POV-Ray : Newsgroups : povray.binaries.images : Can you tell what it is yet? : Re: Can you tell what it is yet? Server Time
8 Aug 2024 08:17:53 EDT (-0400)
  Re: Can you tell what it is yet?  
From: Anthony D  Baye
Date: 13 Oct 2005 13:51:22
Message: <434e9e9a$1@news.povray.org>
Alain wrote:
> Anthony D. Baye nous apporta ses lumieres en ce 2005-10-12 20:50:
> 
>> Mike Williams wrote:
>>
>>> Apart from the absence of the plasma tube, I'd say it was Thistledown.
>>>
>>> Where does your hollow asteroid get its light from?
>>>
>> Wow.  Someone else reads what I read.
>>
>> A.D.B.
>>
>> P.S. Alain,  Gravity is based on mass.  A sphere the size of earth's 
>> orbit with a shell thick enough to withstand impacts would naturally 
>> have a reasonable amount of gravity on it's inside surface.
> 
> 
> The gravitational pull from the relatively small but very near region 
> under your feet is exactly countered by that of the extremely large and 
> distant part over your head.
> That leave you with ONLY the gravity from the sun witch is straight 
> up... NOT a good thing.
> 
Far be it from me to dislike being proved wrong.
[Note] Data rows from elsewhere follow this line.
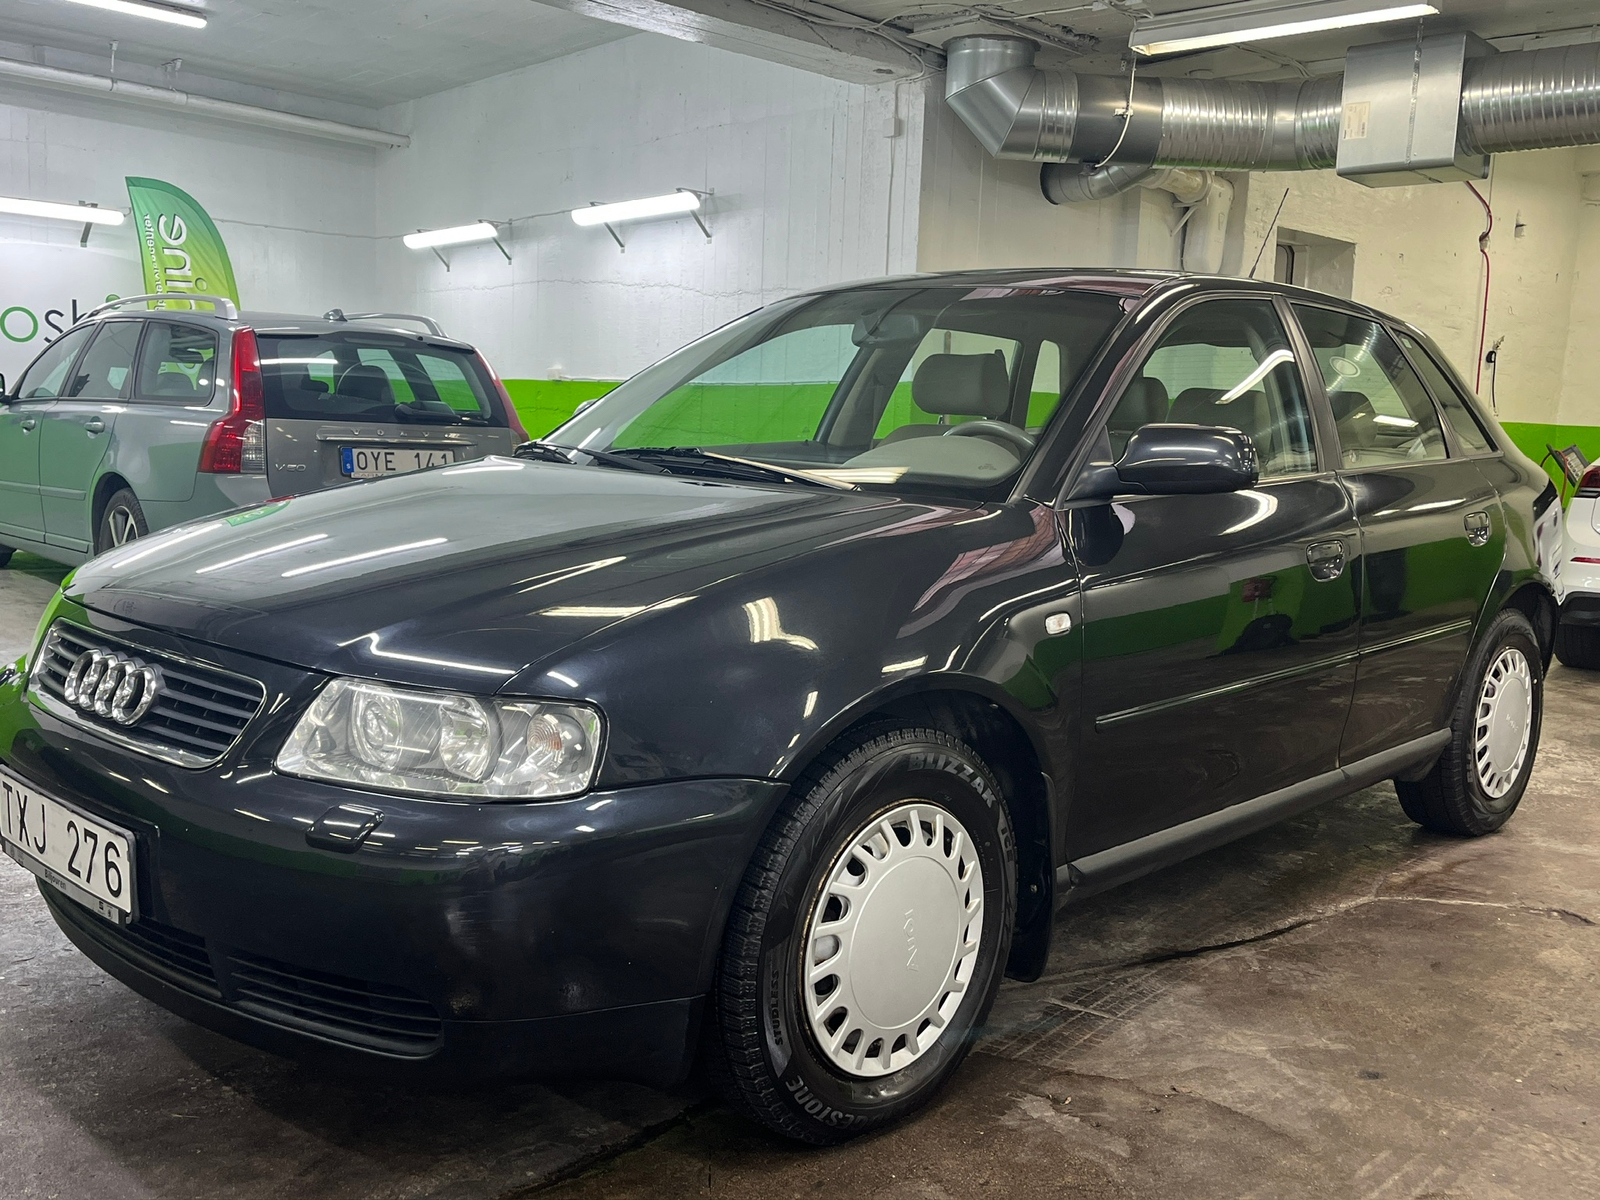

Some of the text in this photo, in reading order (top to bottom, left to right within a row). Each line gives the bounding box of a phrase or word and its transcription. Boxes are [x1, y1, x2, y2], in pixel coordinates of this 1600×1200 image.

[274, 462, 307, 472] V50
[356, 451, 448, 471] OYE 141
[907, 752, 997, 809] BLIZZAK
[2, 780, 122, 898] TXJ 276
[773, 969, 784, 1046] STUDLESS
but an interesting factoid:  Larry Niven's Ringworld, which was 
conceived as an intermediate step toward a dyson sphere, spun at 770 
mi/h.  It was determined that, in order to withstand the shearing forces 
from the spin, the base material which measured 1000' thick would have 
had to have had a tensile strength on the order of the force which holds 
the nucleus of an atom together.

A.D.B.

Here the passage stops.